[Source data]
******************************

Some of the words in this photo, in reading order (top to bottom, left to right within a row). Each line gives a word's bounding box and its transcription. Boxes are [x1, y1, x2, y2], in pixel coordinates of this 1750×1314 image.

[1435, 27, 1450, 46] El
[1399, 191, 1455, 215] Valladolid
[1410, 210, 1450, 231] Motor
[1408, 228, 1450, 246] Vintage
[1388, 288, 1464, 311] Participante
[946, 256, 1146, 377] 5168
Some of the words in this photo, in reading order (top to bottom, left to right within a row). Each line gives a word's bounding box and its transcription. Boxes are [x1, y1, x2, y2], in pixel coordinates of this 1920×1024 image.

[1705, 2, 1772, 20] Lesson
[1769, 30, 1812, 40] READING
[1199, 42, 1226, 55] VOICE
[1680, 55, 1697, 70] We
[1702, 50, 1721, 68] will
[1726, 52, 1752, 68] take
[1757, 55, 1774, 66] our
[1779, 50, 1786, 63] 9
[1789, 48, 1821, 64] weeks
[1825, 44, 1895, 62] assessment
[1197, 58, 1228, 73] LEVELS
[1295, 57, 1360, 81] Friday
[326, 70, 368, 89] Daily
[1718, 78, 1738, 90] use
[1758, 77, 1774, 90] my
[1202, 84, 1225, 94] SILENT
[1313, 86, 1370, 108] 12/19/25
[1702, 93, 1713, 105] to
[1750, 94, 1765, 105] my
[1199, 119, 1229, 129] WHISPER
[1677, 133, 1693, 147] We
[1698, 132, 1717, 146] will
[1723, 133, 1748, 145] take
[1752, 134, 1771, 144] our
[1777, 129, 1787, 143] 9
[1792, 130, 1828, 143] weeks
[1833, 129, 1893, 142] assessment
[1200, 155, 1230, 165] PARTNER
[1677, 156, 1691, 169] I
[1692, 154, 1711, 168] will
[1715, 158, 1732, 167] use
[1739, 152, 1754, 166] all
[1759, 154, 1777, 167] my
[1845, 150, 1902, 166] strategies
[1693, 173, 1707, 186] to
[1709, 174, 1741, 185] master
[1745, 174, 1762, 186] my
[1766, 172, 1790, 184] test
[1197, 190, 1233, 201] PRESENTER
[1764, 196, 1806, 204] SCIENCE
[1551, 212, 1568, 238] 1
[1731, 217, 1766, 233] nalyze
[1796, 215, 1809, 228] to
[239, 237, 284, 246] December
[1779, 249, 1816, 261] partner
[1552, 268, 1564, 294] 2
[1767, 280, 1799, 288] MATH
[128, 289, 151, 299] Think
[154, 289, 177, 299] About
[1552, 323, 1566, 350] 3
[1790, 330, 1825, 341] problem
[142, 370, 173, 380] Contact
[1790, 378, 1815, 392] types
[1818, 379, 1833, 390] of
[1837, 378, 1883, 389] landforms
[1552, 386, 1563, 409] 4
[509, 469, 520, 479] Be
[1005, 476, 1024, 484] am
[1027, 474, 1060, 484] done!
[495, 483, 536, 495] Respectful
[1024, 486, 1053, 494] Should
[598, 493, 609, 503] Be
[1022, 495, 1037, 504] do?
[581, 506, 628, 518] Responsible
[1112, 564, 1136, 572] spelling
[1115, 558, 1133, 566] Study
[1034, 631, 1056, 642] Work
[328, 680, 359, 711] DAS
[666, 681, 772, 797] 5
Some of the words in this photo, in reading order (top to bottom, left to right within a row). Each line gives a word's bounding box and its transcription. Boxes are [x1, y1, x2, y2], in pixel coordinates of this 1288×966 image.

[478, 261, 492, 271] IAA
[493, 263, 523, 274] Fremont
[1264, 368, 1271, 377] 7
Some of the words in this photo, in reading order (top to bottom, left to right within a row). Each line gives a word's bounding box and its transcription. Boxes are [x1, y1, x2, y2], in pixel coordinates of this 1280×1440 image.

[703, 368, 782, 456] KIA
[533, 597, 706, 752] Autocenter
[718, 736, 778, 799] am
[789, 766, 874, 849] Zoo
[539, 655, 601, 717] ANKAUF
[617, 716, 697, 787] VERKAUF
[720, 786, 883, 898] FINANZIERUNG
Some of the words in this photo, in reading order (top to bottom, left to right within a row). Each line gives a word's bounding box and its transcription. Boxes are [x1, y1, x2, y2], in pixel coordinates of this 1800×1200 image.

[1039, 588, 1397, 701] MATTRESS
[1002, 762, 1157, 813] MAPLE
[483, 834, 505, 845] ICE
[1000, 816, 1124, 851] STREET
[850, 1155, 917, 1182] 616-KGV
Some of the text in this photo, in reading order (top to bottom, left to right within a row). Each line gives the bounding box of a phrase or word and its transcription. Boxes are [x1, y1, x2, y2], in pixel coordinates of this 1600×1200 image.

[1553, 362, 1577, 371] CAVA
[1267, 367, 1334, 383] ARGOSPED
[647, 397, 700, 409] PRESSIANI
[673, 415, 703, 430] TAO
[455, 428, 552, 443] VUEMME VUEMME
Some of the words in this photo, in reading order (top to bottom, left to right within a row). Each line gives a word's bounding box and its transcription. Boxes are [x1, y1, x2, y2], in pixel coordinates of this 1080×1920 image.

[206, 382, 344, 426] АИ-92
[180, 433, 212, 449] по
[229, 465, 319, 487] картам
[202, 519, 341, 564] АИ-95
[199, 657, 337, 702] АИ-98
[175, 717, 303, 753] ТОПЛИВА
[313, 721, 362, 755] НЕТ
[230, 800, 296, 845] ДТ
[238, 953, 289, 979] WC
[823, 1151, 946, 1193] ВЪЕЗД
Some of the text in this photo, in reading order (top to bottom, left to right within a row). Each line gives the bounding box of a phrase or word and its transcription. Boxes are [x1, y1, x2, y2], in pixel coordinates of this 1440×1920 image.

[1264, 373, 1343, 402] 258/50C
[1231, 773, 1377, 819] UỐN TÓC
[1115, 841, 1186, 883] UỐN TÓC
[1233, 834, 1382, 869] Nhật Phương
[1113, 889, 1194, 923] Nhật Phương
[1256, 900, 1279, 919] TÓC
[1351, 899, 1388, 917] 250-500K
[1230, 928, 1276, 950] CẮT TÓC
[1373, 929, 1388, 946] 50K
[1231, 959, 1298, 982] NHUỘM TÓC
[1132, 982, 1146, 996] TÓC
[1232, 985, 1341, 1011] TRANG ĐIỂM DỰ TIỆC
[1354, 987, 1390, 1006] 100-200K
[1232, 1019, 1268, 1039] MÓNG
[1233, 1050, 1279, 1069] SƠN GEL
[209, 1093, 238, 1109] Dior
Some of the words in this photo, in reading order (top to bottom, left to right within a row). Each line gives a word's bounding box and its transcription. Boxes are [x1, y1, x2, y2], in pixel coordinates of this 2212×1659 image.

******************************

Put down all the data once more, exactly as it appears above.

◆ Solution to this problem:
Some of the words in this photo, in reading order (top to bottom, left to right within a row). Each line gives a word's bounding box and its transcription. Boxes are [x1, y1, x2, y2], in pixel coordinates of this 1750×1314 image.

[1435, 27, 1450, 46] El
[1399, 191, 1455, 215] Valladolid
[1410, 210, 1450, 231] Motor
[1408, 228, 1450, 246] Vintage
[1388, 288, 1464, 311] Participante
[946, 256, 1146, 377] 5168
Some of the words in this photo, in reading order (top to bottom, left to right within a row). Each line gives a word's bounding box and its transcription. Boxes are [x1, y1, x2, y2], in pixel coordinates of this 1920×1024 image.

[1705, 2, 1772, 20] Lesson
[1769, 30, 1812, 40] READING
[1199, 42, 1226, 55] VOICE
[1680, 55, 1697, 70] We
[1702, 50, 1721, 68] will
[1726, 52, 1752, 68] take
[1757, 55, 1774, 66] our
[1779, 50, 1786, 63] 9
[1789, 48, 1821, 64] weeks
[1825, 44, 1895, 62] assessment
[1197, 58, 1228, 73] LEVELS
[1295, 57, 1360, 81] Friday
[326, 70, 368, 89] Daily
[1718, 78, 1738, 90] use
[1758, 77, 1774, 90] my
[1202, 84, 1225, 94] SILENT
[1313, 86, 1370, 108] 12/19/25
[1702, 93, 1713, 105] to
[1750, 94, 1765, 105] my
[1199, 119, 1229, 129] WHISPER
[1677, 133, 1693, 147] We
[1698, 132, 1717, 146] will
[1723, 133, 1748, 145] take
[1752, 134, 1771, 144] our
[1777, 129, 1787, 143] 9
[1792, 130, 1828, 143] weeks
[1833, 129, 1893, 142] assessment
[1200, 155, 1230, 165] PARTNER
[1677, 156, 1691, 169] I
[1692, 154, 1711, 168] will
[1715, 158, 1732, 167] use
[1739, 152, 1754, 166] all
[1759, 154, 1777, 167] my
[1845, 150, 1902, 166] strategies
[1693, 173, 1707, 186] to
[1709, 174, 1741, 185] master
[1745, 174, 1762, 186] my
[1766, 172, 1790, 184] test
[1197, 190, 1233, 201] PRESENTER
[1764, 196, 1806, 204] SCIENCE
[1551, 212, 1568, 238] 1
[1731, 217, 1766, 233] nalyze
[1796, 215, 1809, 228] to
[239, 237, 284, 246] December
[1779, 249, 1816, 261] partner
[1552, 268, 1564, 294] 2
[1767, 280, 1799, 288] MATH
[128, 289, 151, 299] Think
[154, 289, 177, 299] About
[1552, 323, 1566, 350] 3
[1790, 330, 1825, 341] problem
[142, 370, 173, 380] Contact
[1790, 378, 1815, 392] types
[1818, 379, 1833, 390] of
[1837, 378, 1883, 389] landforms
[1552, 386, 1563, 409] 4
[509, 469, 520, 479] Be
[1005, 476, 1024, 484] am
[1027, 474, 1060, 484] done!
[495, 483, 536, 495] Respectful
[1024, 486, 1053, 494] Should
[598, 493, 609, 503] Be
[1022, 495, 1037, 504] do?
[581, 506, 628, 518] Responsible
[1112, 564, 1136, 572] spelling
[1115, 558, 1133, 566] Study
[1034, 631, 1056, 642] Work
[328, 680, 359, 711] DAS
[666, 681, 772, 797] 5
Some of the words in this photo, in reading order (top to bottom, left to right within a row). Each line gives a word's bounding box and its transcription. Boxes are [x1, y1, x2, y2], in pixel coordinates of this 1288×966 image.

[478, 261, 492, 271] IAA
[493, 263, 523, 274] Fremont
[1264, 368, 1271, 377] 7
Some of the words in this photo, in reading order (top to bottom, left to right within a row). Each line gives a word's bounding box and its transcription. Boxes are [x1, y1, x2, y2], in pixel coordinates of this 1280×1440 image.

[703, 368, 782, 456] KIA
[533, 597, 706, 752] Autocenter
[718, 736, 778, 799] am
[789, 766, 874, 849] Zoo
[539, 655, 601, 717] ANKAUF
[617, 716, 697, 787] VERKAUF
[720, 786, 883, 898] FINANZIERUNG
Some of the words in this photo, in reading order (top to bottom, left to right within a row). Each line gives a word's bounding box and its transcription. Boxes are [x1, y1, x2, y2], in pixel coordinates of this 1800×1200 image.

[1039, 588, 1397, 701] MATTRESS
[1002, 762, 1157, 813] MAPLE
[483, 834, 505, 845] ICE
[1000, 816, 1124, 851] STREET
[850, 1155, 917, 1182] 616-KGV
Some of the text in this photo, in reading order (top to bottom, left to right within a row). Each line gives the bounding box of a phrase or word and its transcription. Boxes are [x1, y1, x2, y2], in pixel coordinates of this 1600×1200 image.

[1553, 362, 1577, 371] CAVA
[1267, 367, 1334, 383] ARGOSPED
[647, 397, 700, 409] PRESSIANI
[673, 415, 703, 430] TAO
[455, 428, 552, 443] VUEMME VUEMME
Some of the words in this photo, in reading order (top to bottom, left to right within a row). Each line gives a word's bounding box and its transcription. Boxes are [x1, y1, x2, y2], in pixel coordinates of this 1080×1920 image.

[206, 382, 344, 426] АИ-92
[180, 433, 212, 449] по
[229, 465, 319, 487] картам
[202, 519, 341, 564] АИ-95
[199, 657, 337, 702] АИ-98
[175, 717, 303, 753] ТОПЛИВА
[313, 721, 362, 755] НЕТ
[230, 800, 296, 845] ДТ
[238, 953, 289, 979] WC
[823, 1151, 946, 1193] ВЪЕЗД
Some of the text in this photo, in reading order (top to bottom, left to right within a row). Each line gives the bounding box of a phrase or word and its transcription. Boxes are [x1, y1, x2, y2], in pixel coordinates of this 1440×1920 image.

[1264, 373, 1343, 402] 258/50C
[1231, 773, 1377, 819] UỐN TÓC
[1115, 841, 1186, 883] UỐN TÓC
[1233, 834, 1382, 869] Nhật Phương
[1113, 889, 1194, 923] Nhật Phương
[1256, 900, 1279, 919] TÓC
[1351, 899, 1388, 917] 250-500K
[1230, 928, 1276, 950] CẮT TÓC
[1373, 929, 1388, 946] 50K
[1231, 959, 1298, 982] NHUỘM TÓC
[1132, 982, 1146, 996] TÓC
[1232, 985, 1341, 1011] TRANG ĐIỂM DỰ TIỆC
[1354, 987, 1390, 1006] 100-200K
[1232, 1019, 1268, 1039] MÓNG
[1233, 1050, 1279, 1069] SƠN GEL
[209, 1093, 238, 1109] Dior
Some of the words in this photo, in reading order (top to bottom, left to right within a row). Each line gives a word's bounding box and its transcription. Boxes are [x1, y1, x2, y2], in pixel coordinates of this 2212×1659 image.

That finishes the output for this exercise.